**Assignment:**
From the line that contains "this 1399×1244 image." to the last line of the records below, copy everything exactly, both ends included.

----------

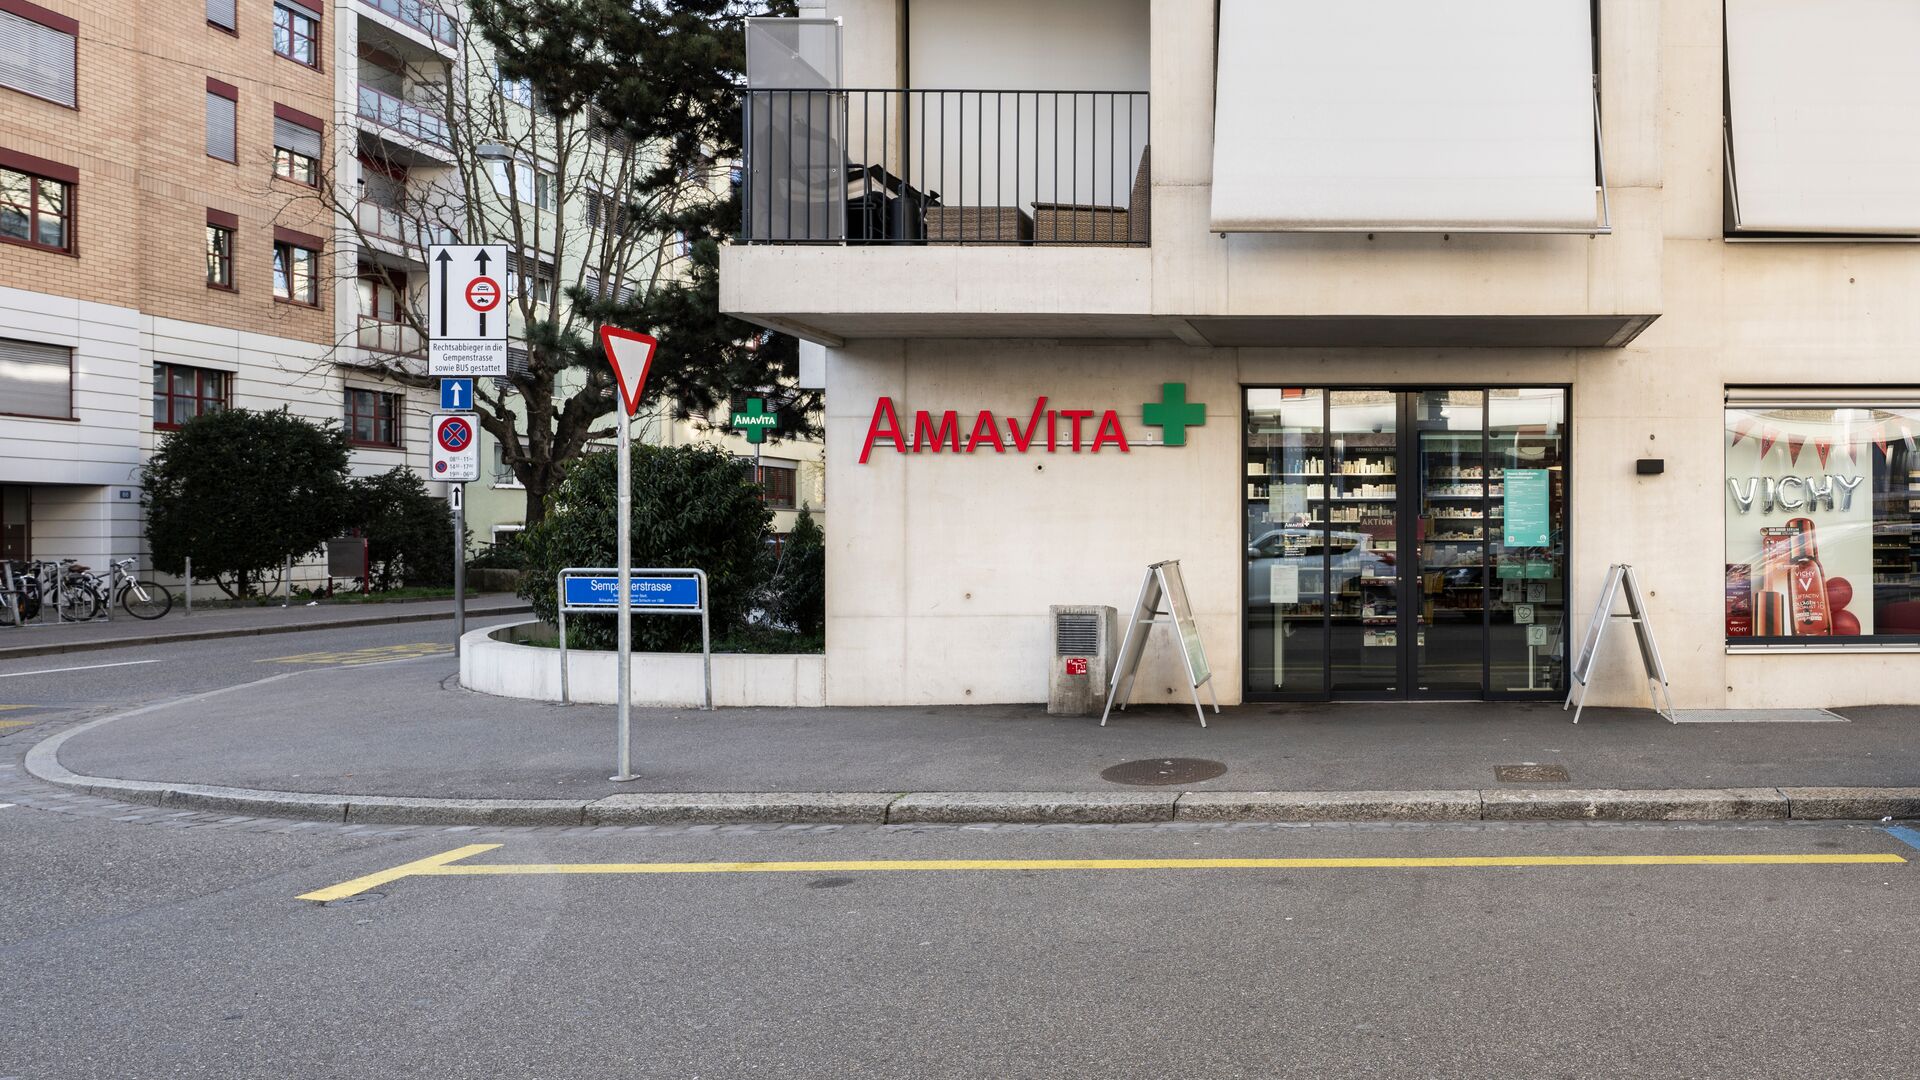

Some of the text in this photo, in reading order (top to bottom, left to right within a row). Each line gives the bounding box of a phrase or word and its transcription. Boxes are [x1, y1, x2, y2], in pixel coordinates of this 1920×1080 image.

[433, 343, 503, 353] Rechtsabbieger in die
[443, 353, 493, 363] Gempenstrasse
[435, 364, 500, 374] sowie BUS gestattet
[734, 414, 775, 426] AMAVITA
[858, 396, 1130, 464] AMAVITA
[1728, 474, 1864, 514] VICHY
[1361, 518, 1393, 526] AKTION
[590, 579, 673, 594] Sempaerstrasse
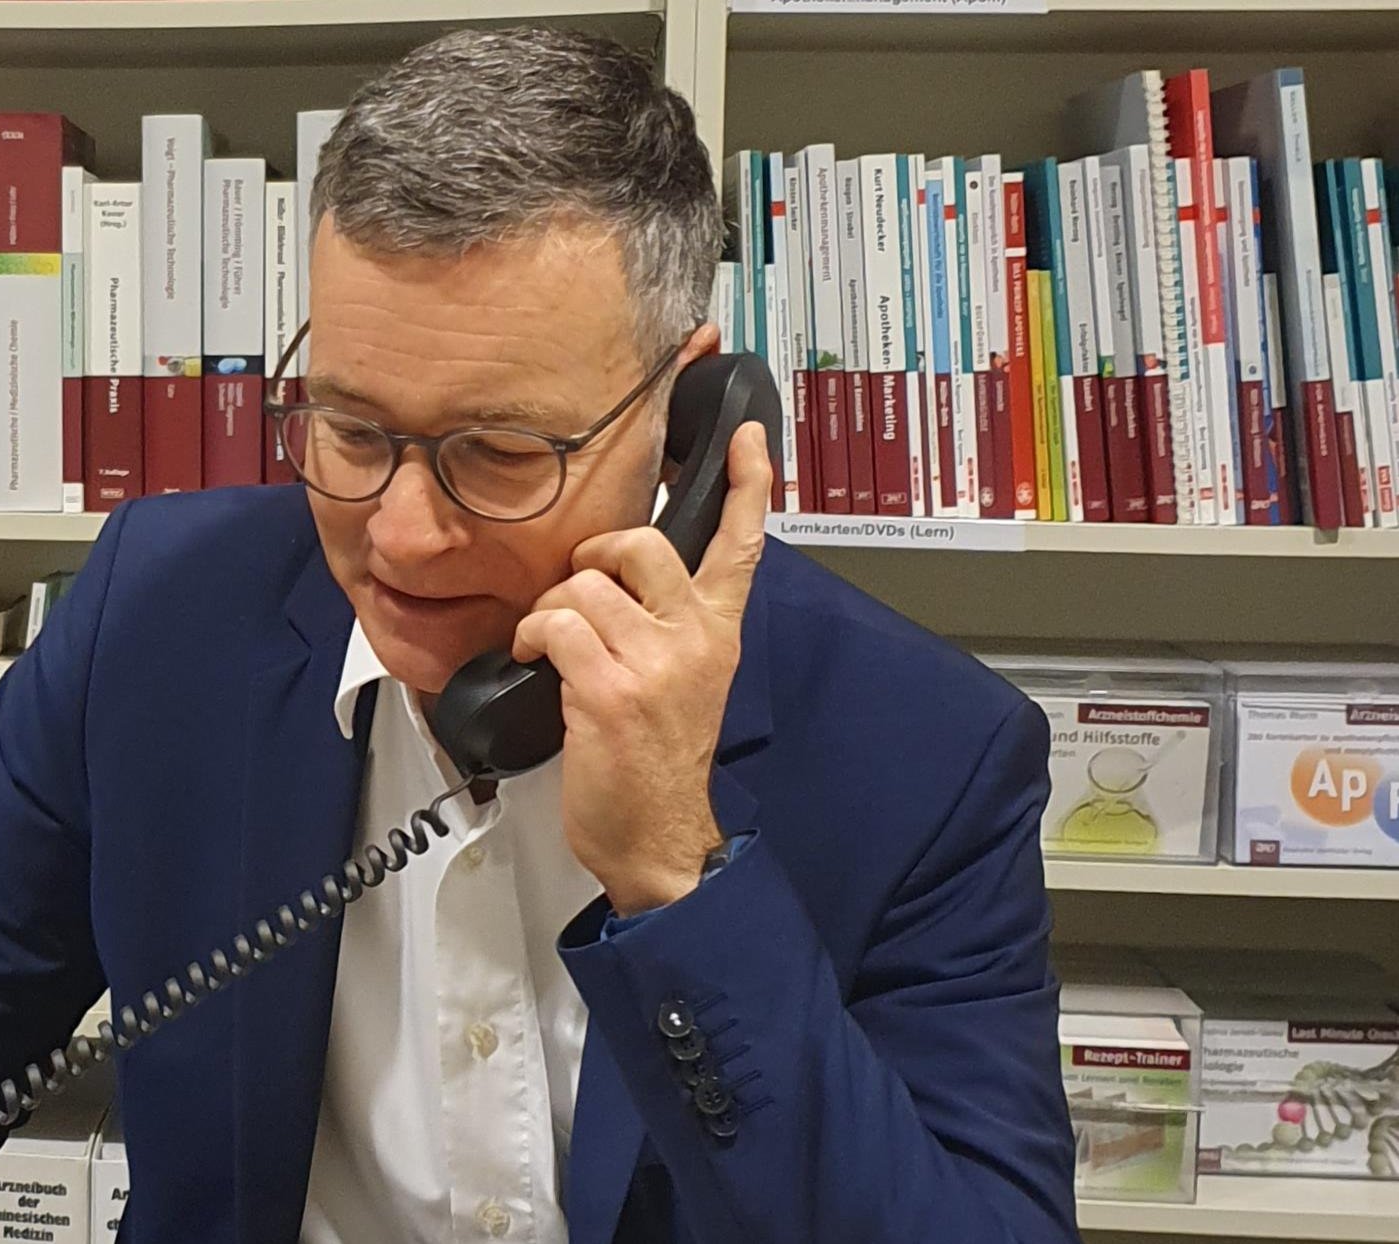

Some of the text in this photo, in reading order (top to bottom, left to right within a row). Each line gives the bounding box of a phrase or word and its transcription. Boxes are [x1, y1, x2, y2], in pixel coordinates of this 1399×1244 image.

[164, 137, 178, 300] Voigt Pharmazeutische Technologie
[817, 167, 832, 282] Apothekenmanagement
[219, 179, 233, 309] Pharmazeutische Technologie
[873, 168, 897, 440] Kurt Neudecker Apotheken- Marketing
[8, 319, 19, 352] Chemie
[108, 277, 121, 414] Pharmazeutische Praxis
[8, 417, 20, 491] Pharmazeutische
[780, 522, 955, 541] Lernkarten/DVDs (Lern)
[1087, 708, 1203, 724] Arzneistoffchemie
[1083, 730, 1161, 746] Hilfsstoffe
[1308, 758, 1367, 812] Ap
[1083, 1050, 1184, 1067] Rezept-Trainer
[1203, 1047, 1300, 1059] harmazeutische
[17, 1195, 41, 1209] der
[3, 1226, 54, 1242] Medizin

----------

**Expected output:**
Some of the text in this photo, in reading order (top to bottom, left to right within a row). Each line gives the bounding box of a phrase or word and its transcription. Boxes are [x1, y1, x2, y2], in pixel coordinates of this 1399×1244 image.

[164, 137, 178, 300] Voigt Pharmazeutische Technologie
[817, 167, 832, 282] Apothekenmanagement
[219, 179, 233, 309] Pharmazeutische Technologie
[873, 168, 897, 440] Kurt Neudecker Apotheken- Marketing
[8, 319, 19, 352] Chemie
[108, 277, 121, 414] Pharmazeutische Praxis
[8, 417, 20, 491] Pharmazeutische
[780, 522, 955, 541] Lernkarten/DVDs (Lern)
[1087, 708, 1203, 724] Arzneistoffchemie
[1083, 730, 1161, 746] Hilfsstoffe
[1308, 758, 1367, 812] Ap
[1083, 1050, 1184, 1067] Rezept-Trainer
[1203, 1047, 1300, 1059] harmazeutische
[17, 1195, 41, 1209] der
[3, 1226, 54, 1242] Medizin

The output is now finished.